THE TASK |
Wherever the records include pictures, skip them and transcribe all the rest word for word.

EXTRACTED DATA |

* * * *

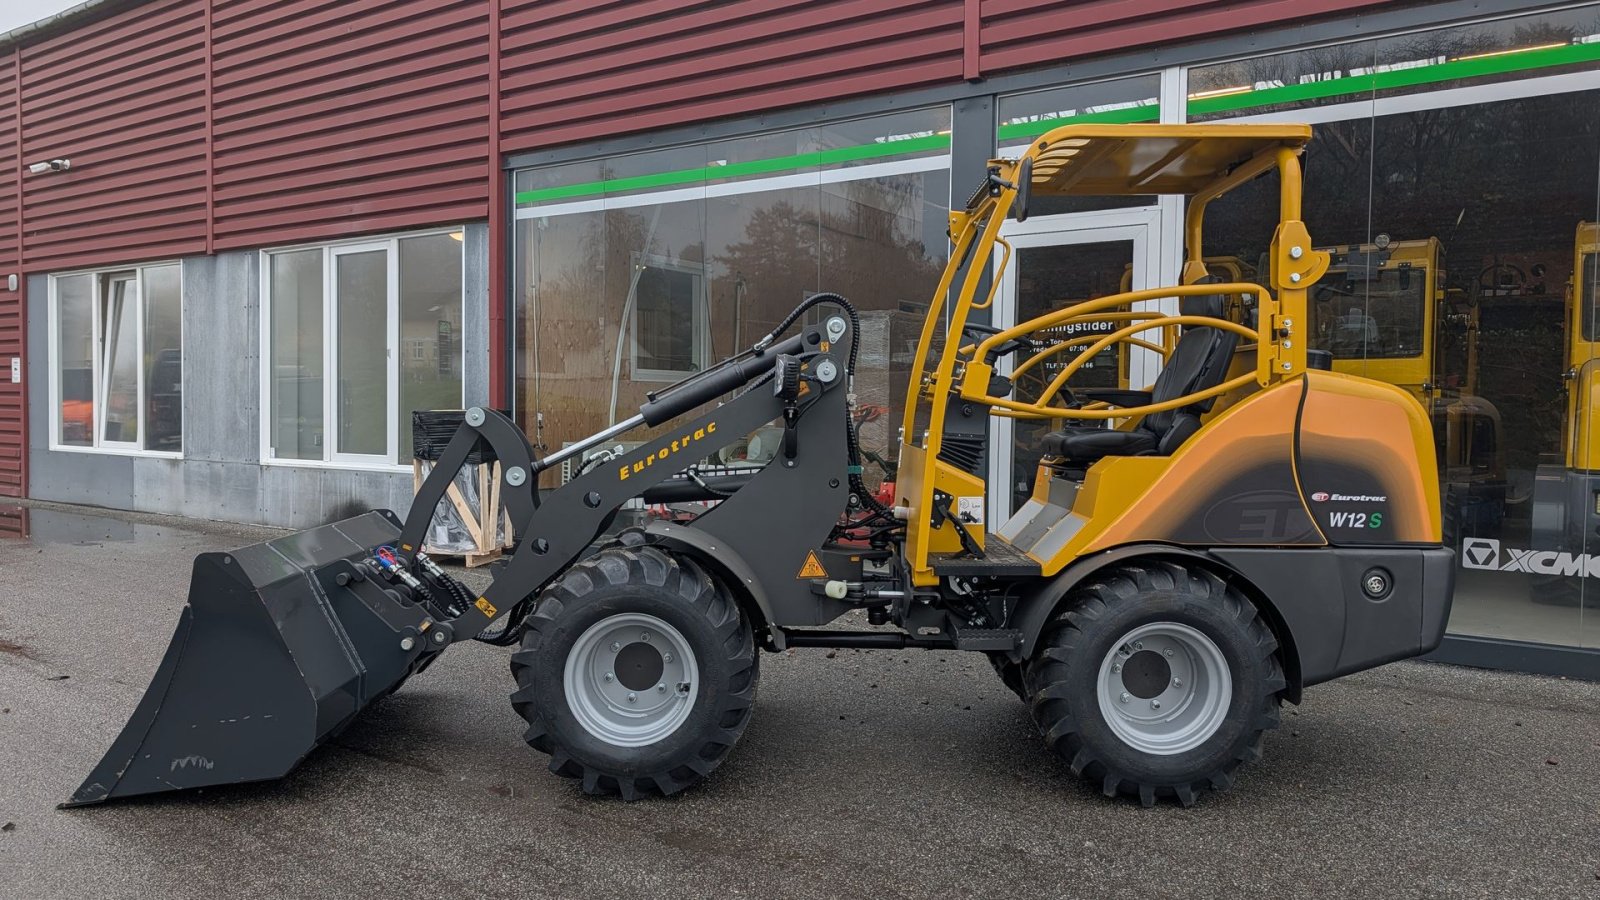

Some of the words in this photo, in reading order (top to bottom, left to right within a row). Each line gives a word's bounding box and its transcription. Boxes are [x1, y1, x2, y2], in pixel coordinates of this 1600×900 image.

[619, 421, 717, 481] Eurotrac
[1330, 493, 1387, 502] Eurotrac
[1329, 511, 1367, 528] W12
[1368, 512, 1383, 528] S

* * * *

PROBLEM SOLUTION |
Some of the words in this photo, in reading order (top to bottom, left to right within a row). Each line gives a word's bounding box and its transcription. Boxes are [x1, y1, x2, y2], in pixel coordinates of this 1600×900 image.

[619, 421, 717, 481] Eurotrac
[1330, 493, 1387, 502] Eurotrac
[1329, 511, 1367, 528] W12
[1368, 512, 1383, 528] S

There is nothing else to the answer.